By Donna Lewis Johnson
Special to the AFRO
Two Black-led organizations focused on progressive change in the nation’s political, economic and justice systems have joined forces to launch #BlackWomenCount, an informational campaign to encourage Black women and everyone they know to take the 2020 Census.
On April 1, National Census Day, BlackPAC and BlackHer held a Facebook Live event to release a primer on why and how to complete the Census. “Black Women Count: The Black Woman’s Guide to the 2020 Census” explains when and where the Census takes place, addresses myths and provides tips for making sure Black communities are counted.
“We want to ensure that Blacks have the information they need to take the 2020 Census,” says Jocelyn Harmon, co-founder of BlackHer. “The guide is for Black women because Black women are anchors in many ways in communities.”

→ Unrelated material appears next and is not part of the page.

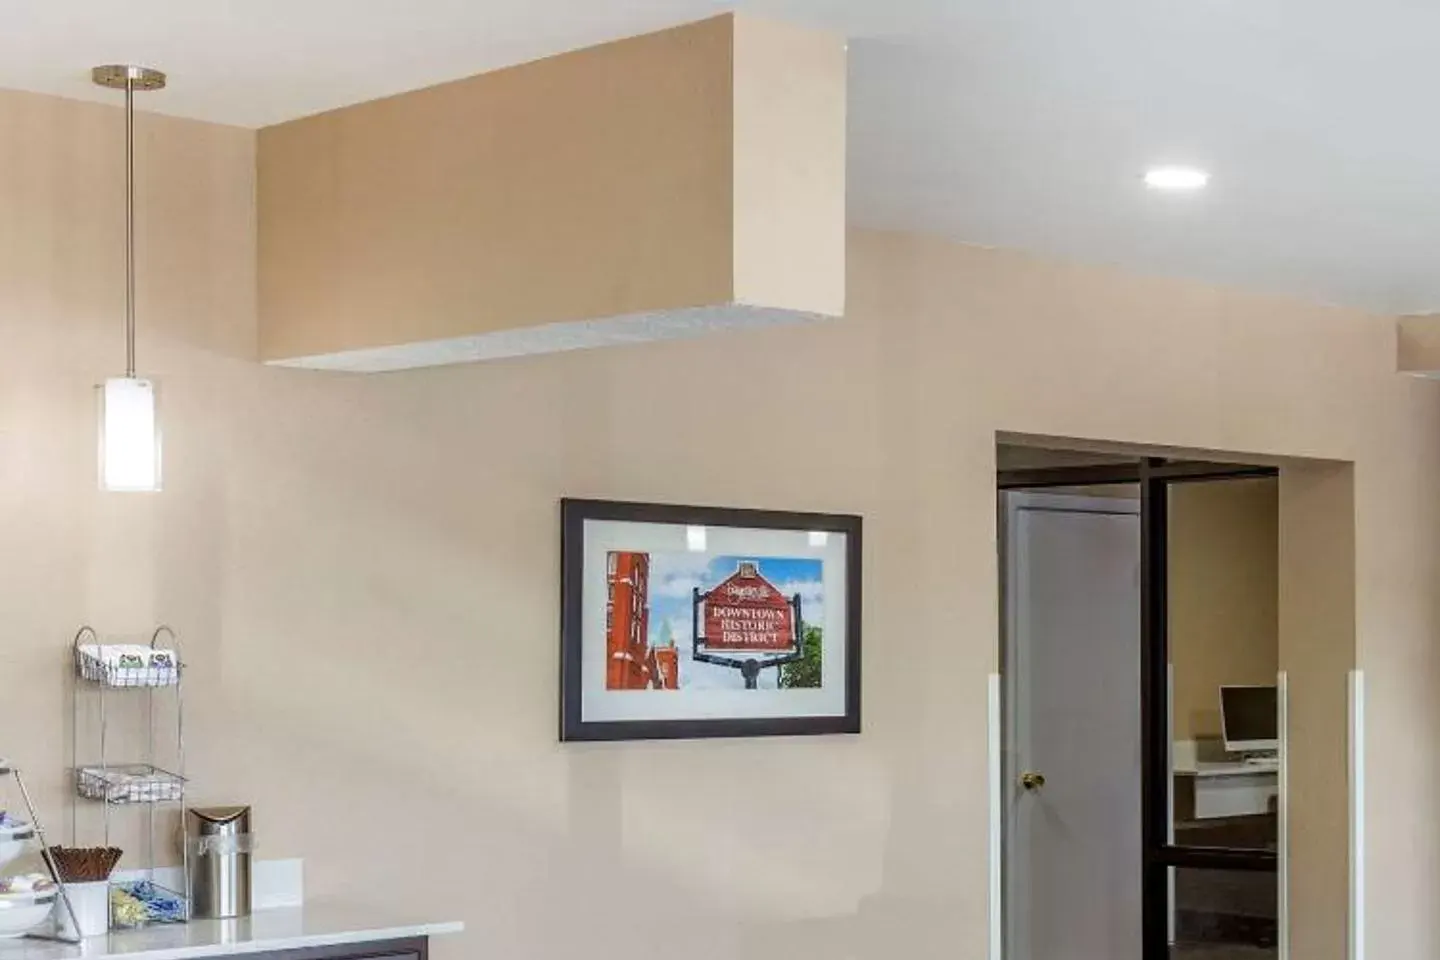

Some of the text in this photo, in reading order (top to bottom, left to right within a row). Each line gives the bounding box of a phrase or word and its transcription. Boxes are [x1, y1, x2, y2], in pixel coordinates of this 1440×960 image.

[713, 606, 785, 619] DOWNTOWN
[721, 619, 780, 631] HISTORIC
[723, 631, 777, 643] DISTRICT

BlackPAC and BlackHer especially want to prevent the Census from undercounting the Black population. Their concern is rooted in history and a recent study by the Urban Institute.
“The U.S. has a long history of undercounting Black people,” according to the guide. “The first Census, undertaken in 1790, followed the methodology set out in the “three-fifths compromise,” a clause in the U.S. Constitution that imposed a ratio for valuing enslaved people in relation to free people.”
Citing research from the Urban Institute, the guide also says that 1.7 million Black people could be undercounted in the 2020 Census in association with a number of risk factors, including prison, gerrymandering and undercounting returning citizens.
The guide explains, “The Census counts incarcerated persons based on where they are incarcerated instead of where they lived before they were convicted. Due to the growth of prisons in rural America over the last 40 years, this has led to an over-count of rural populations and an undercount of urban communities.”
The coronavirus pandemic has increased the coalition’s undercount concerns because the Census Bureau has suspended field operations until April 15 to limit the spread of COVID-19.
Census statistics are used to determine the amount of federal funding allocated to U.S. communities.
“In some states, it’s estimated that undercounts lead to a loss of $1,500 per year per person in funding,” the guide warns. “Many federal programs—like Head Start, SNAP, and the National School Lunch Program—rely on census data to determine how much money each community gets.”
Additionally, Census data will determine the number of seats each state will have in the U.S. House of Representatives for the next 10 years, according to the guide. “The Census is a powerful political and economic tool,” Harmon said.
Every home should have received an invitation to participate in the 2020 Census by April 1, according to the Census Bureau. BlackPAC and BlackHer encourage Black households to complete the form right away and check “Black” for race to prevent undercounting of America’s Black population.